# hal + pmount +kde => can't find /dev/sdb1 in... [Solved]

## pivertd

In very short, I cannot mount devices that are not in /etc/fstab. (Should be the role of pmount)

This is now for days that I'm looking at this problem.

I tried many things, and I have this behavior on all my computers. There is many threads on the forums about hal, but nothing clear about this problem.

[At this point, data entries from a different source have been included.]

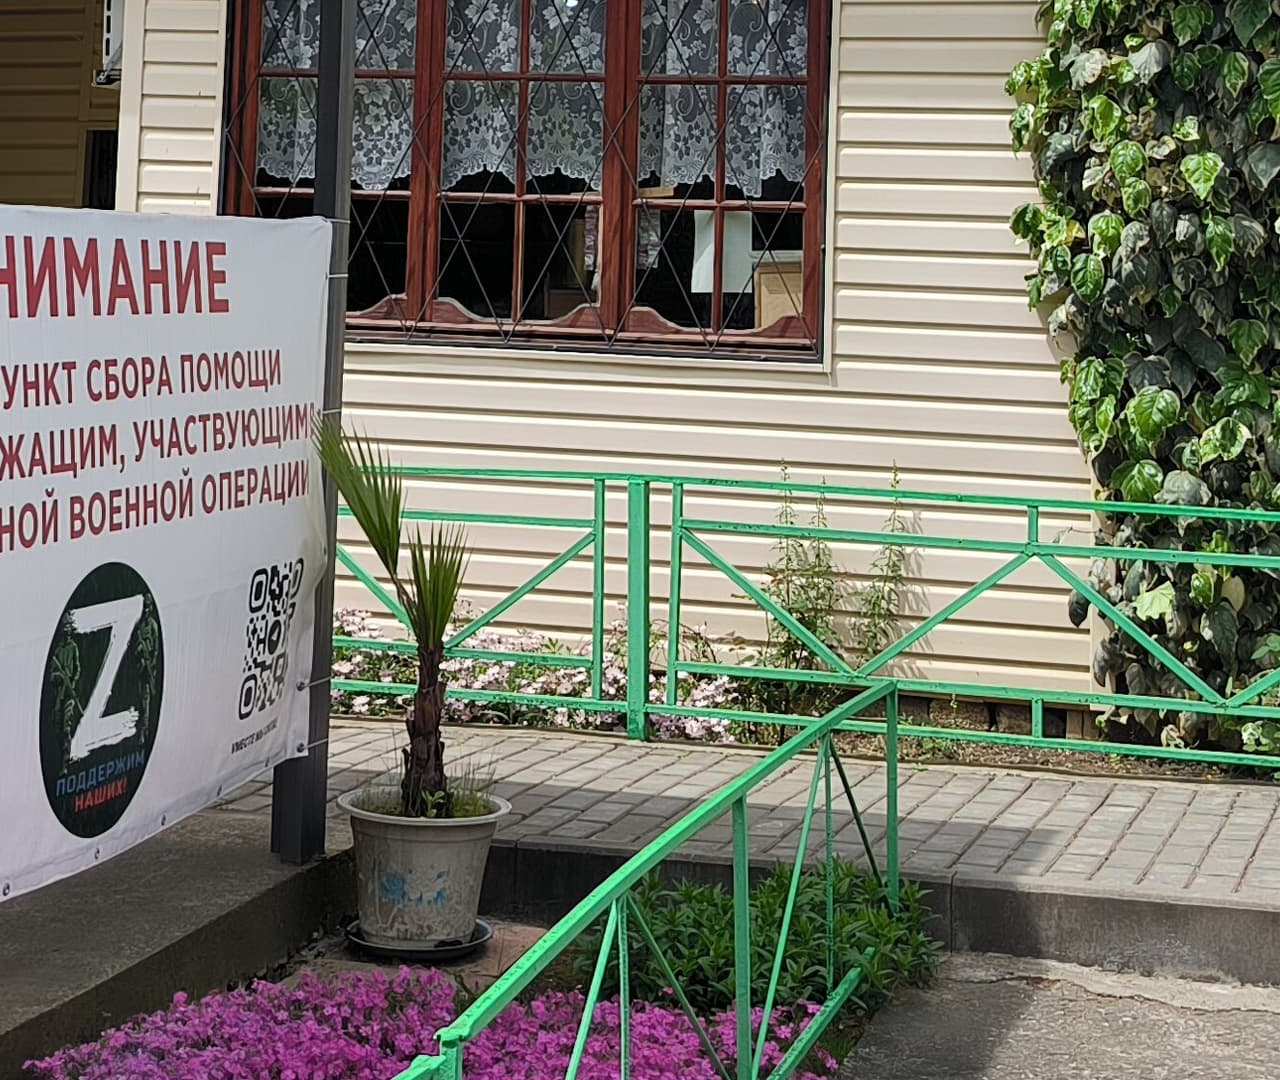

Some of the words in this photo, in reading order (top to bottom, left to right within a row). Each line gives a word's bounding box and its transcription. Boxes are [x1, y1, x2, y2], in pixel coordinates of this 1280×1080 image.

[87, 355, 173, 407] СБОРА
[180, 349, 282, 393] ПОМОЩИ
[70, 467, 193, 540] ВОЕННОЙ
[202, 459, 310, 514] ОПЕРАЦИИ
[70, 593, 144, 761] Z
[56, 749, 145, 797] ПОДДЕРЖИМ
[74, 777, 128, 813] НАШИХ!
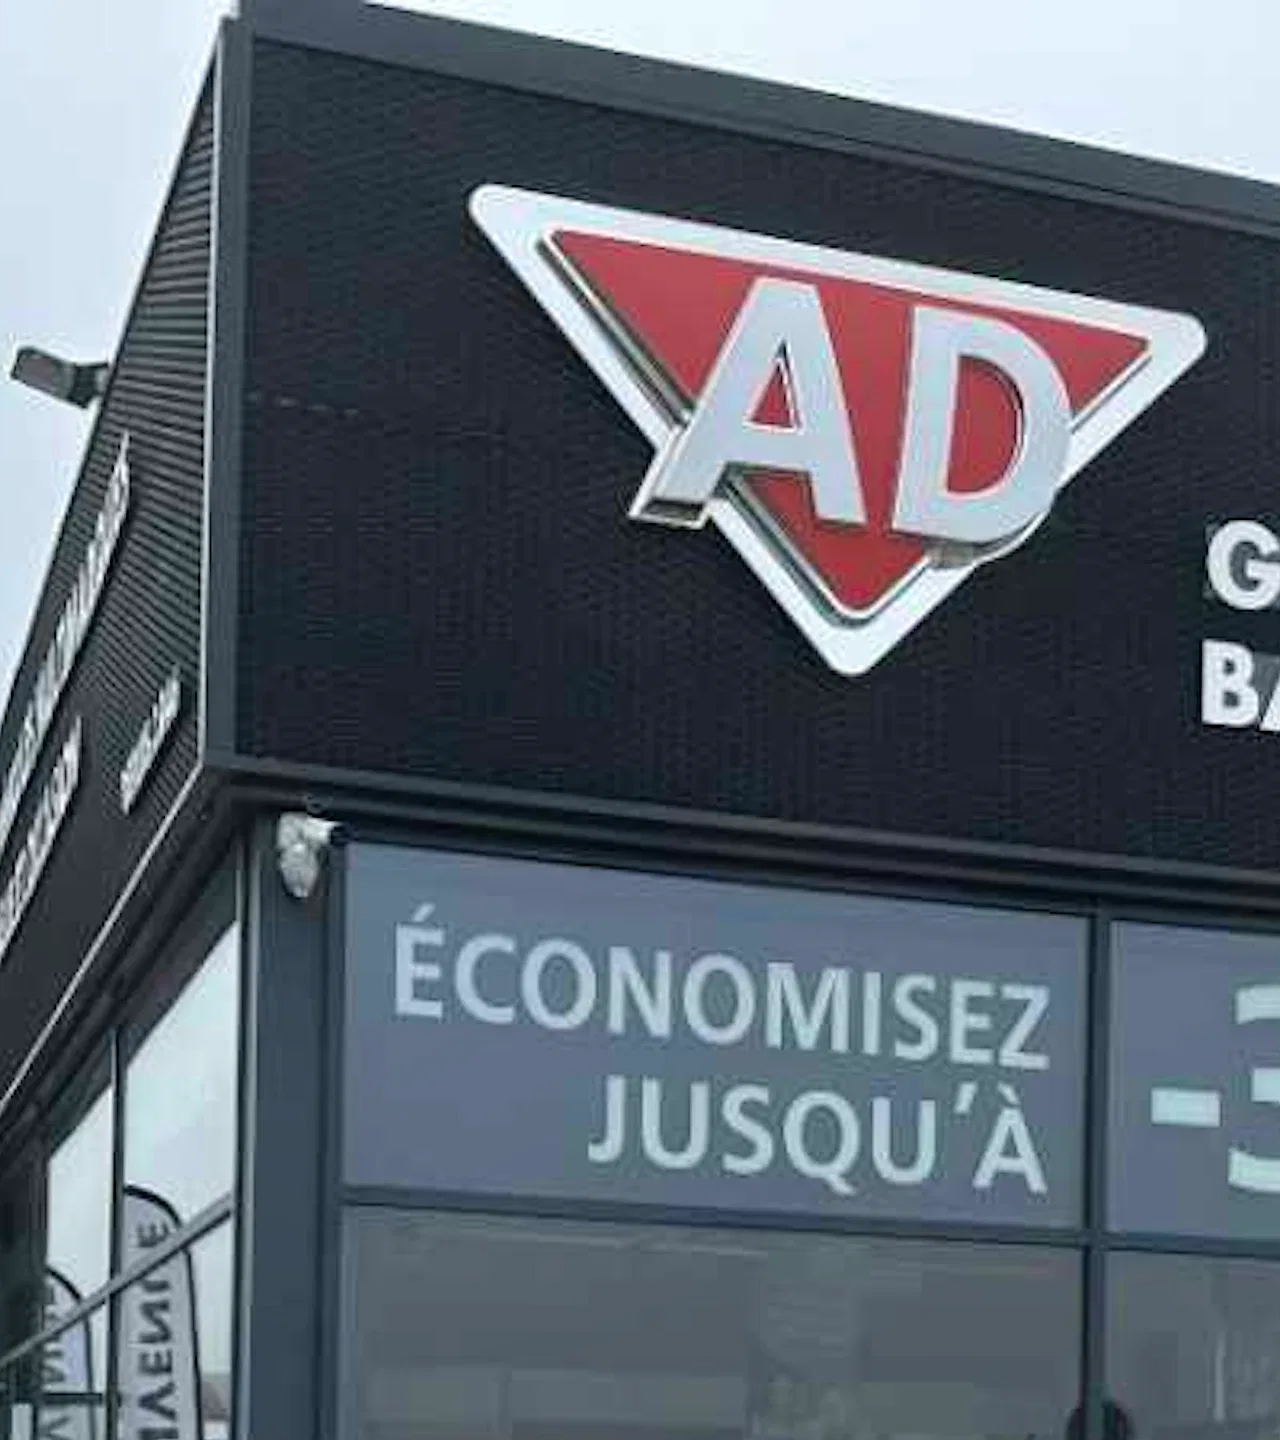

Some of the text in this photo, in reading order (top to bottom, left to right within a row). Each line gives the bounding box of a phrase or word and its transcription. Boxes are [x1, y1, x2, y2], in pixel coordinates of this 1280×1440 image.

When I plug an usb drive for example, I well have the kde popup that launches, but when I want to access it, I have :

```

mount: can't find /dev/sdb1 in /etc/fstab or /etc/mtab

```

Here are my packages :

```

pivert ~ # emerge -pv dbus hal pmount kdebase

These are the packages that I would merge, in order:

Calculating dependencies ...done!

[ebuild   R   ] sys-apps/dbus-0.61  +X -debug -doc +gtk -mono +python +qt (-selinux) 0 kB

[ebuild   R   ] sys-apps/hal-0.5.5.1-r3  -acpi -debug -doc -pam_console -pcmcia (-selinux) 1,482 kB

[ebuild   R   ] sys-apps/pmount-0.9.6  +crypt 368 kB

[ebuild   R   ] kde-base/kdebase-3.5.1-r3  +arts +cups -debug +hal -ieee1394 +java -kdeenablefinal +ldap +lm_sensors -logitech-mouse -openexr +opengl +pam +samba +ssl -xcomposite -xinerama -xscreensaver -zeroconf 0 kB

Total size of downloads: 1,850 kB

pivert ~ #   

```

- My hald and dbus are well running.

- I added my user to the groups haldaemon and plugdev. (Is this necessary ?)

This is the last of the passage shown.